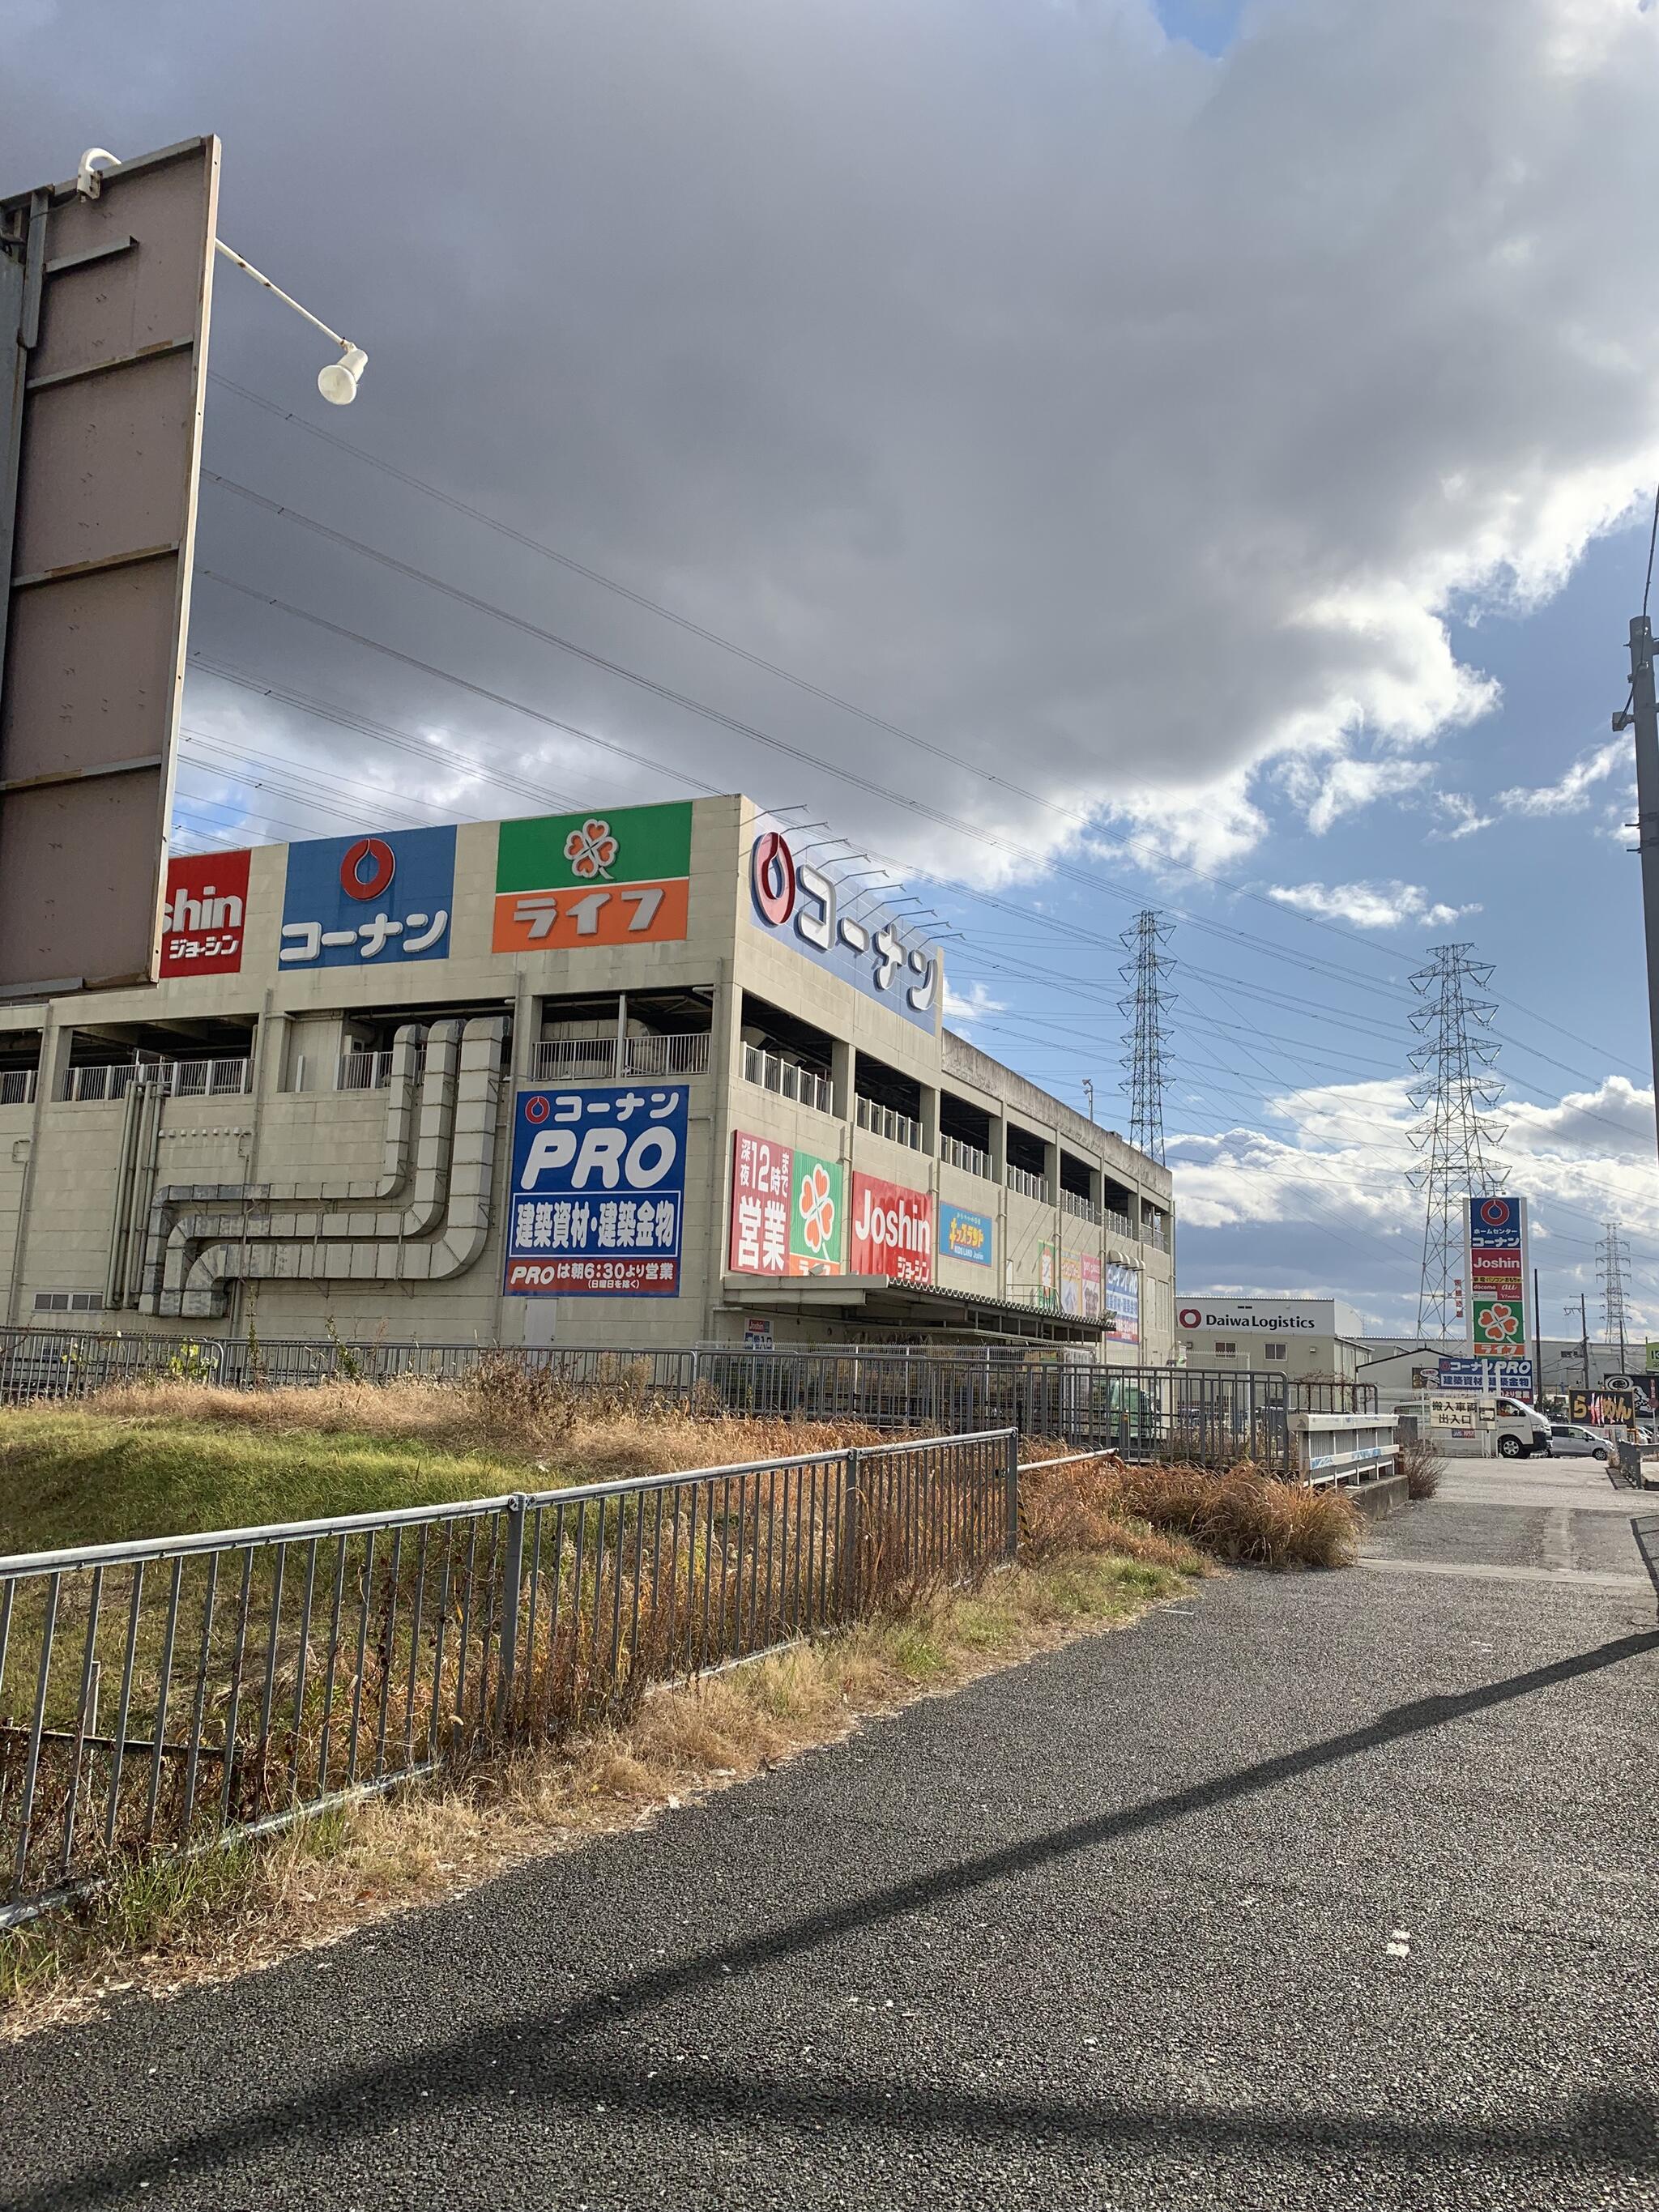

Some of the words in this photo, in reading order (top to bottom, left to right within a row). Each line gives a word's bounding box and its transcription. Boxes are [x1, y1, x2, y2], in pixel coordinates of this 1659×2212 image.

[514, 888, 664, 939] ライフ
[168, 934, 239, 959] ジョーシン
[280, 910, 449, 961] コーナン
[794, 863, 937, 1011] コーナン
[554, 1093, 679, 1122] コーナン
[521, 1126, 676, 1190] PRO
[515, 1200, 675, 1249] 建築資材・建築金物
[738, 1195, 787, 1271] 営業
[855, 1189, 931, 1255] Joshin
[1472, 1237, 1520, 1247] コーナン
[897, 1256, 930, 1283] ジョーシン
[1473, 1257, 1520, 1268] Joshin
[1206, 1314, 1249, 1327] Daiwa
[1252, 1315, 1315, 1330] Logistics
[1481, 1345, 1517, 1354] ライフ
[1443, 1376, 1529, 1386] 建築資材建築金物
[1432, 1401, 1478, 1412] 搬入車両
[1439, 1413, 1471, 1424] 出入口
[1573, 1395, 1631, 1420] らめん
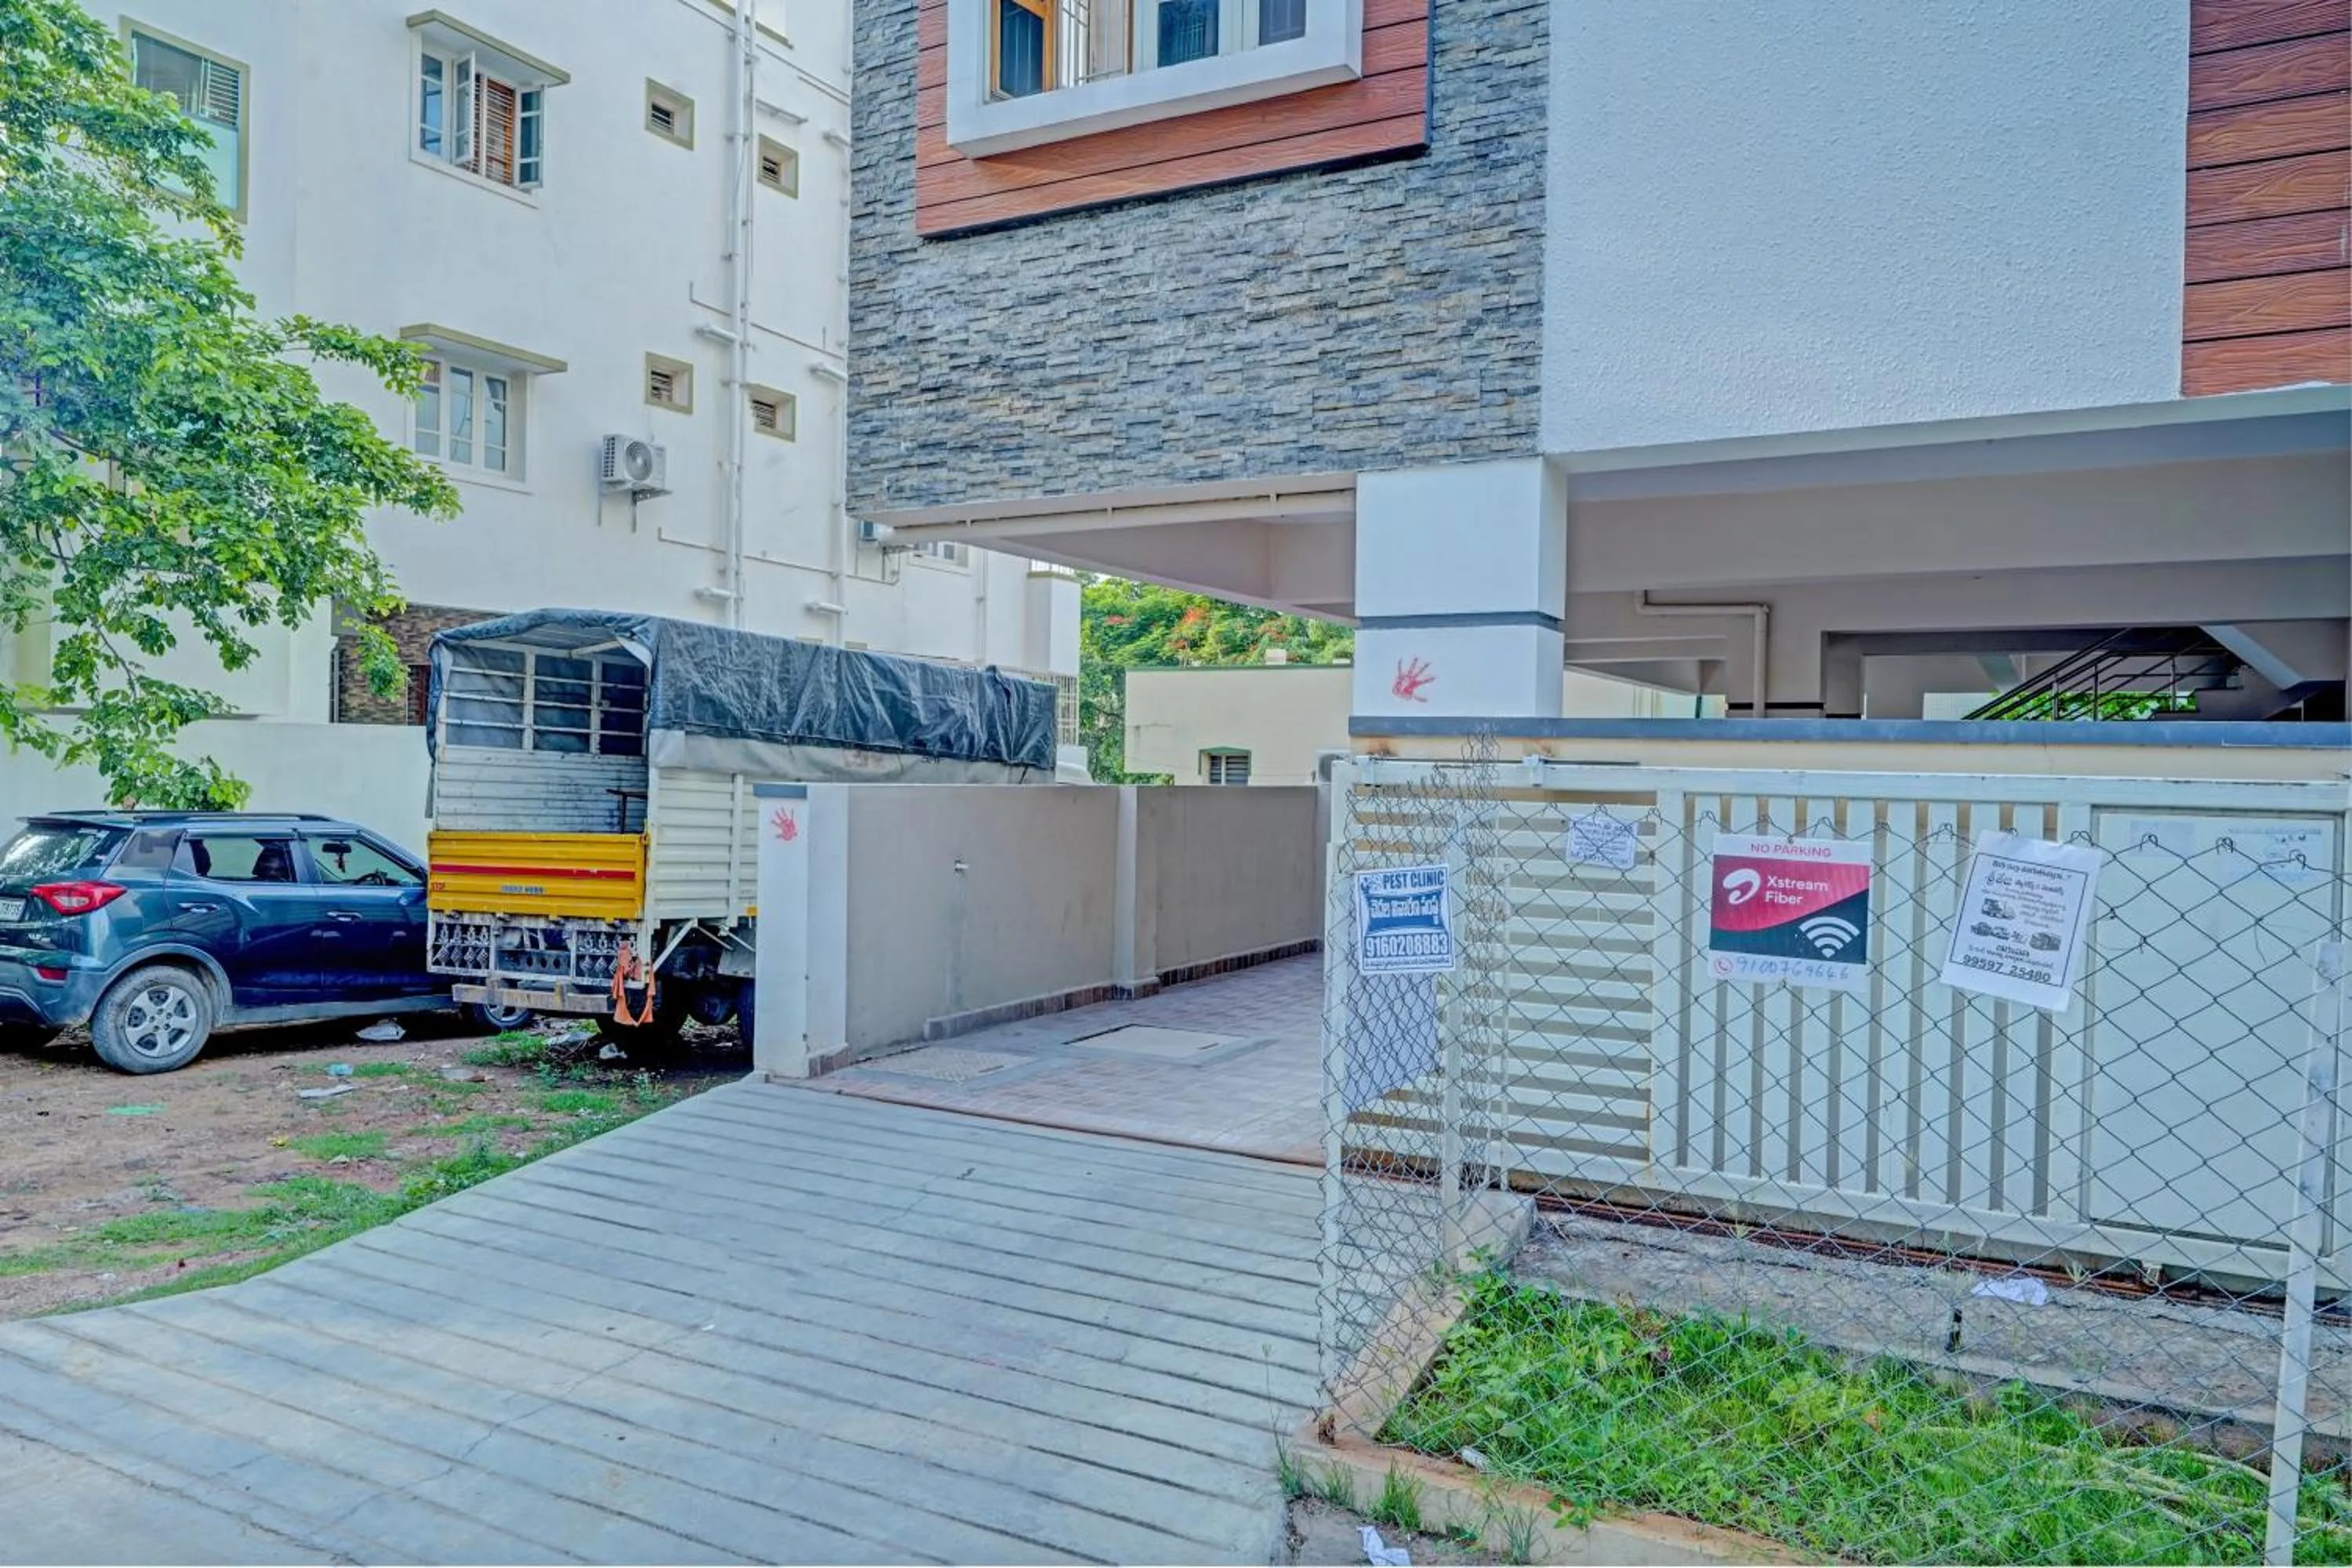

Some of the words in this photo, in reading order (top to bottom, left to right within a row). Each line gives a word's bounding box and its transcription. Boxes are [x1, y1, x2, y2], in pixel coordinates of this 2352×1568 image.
============
### PROBLEM TO WORK ON
Could you transcribe every entry above exactly, leaving out the images?

### RESULT OF THE TASK
Some of the words in this photo, in reading order (top to bottom, left to right within a row). Each line gives a word's bounding box and its transcription. Boxes are [x1, y1, x2, y2], in pixel coordinates of this 1659×2212 image.

[514, 888, 664, 939] ライフ
[168, 934, 239, 959] ジョーシン
[280, 910, 449, 961] コーナン
[794, 863, 937, 1011] コーナン
[554, 1093, 679, 1122] コーナン
[521, 1126, 676, 1190] PRO
[515, 1200, 675, 1249] 建築資材・建築金物
[738, 1195, 787, 1271] 営業
[855, 1189, 931, 1255] Joshin
[1472, 1237, 1520, 1247] コーナン
[897, 1256, 930, 1283] ジョーシン
[1473, 1257, 1520, 1268] Joshin
[1206, 1314, 1249, 1327] Daiwa
[1252, 1315, 1315, 1330] Logistics
[1481, 1345, 1517, 1354] ライフ
[1443, 1376, 1529, 1386] 建築資材建築金物
[1432, 1401, 1478, 1412] 搬入車両
[1439, 1413, 1471, 1424] 出入口
[1573, 1395, 1631, 1420] らめん

Some of the words in this photo, in reading order (top to bottom, left to right within a row). Each line gives a word's bounding box and its transcription. Boxes are [x1, y1, x2, y2], in pixel coordinates of this 2352×1568 image.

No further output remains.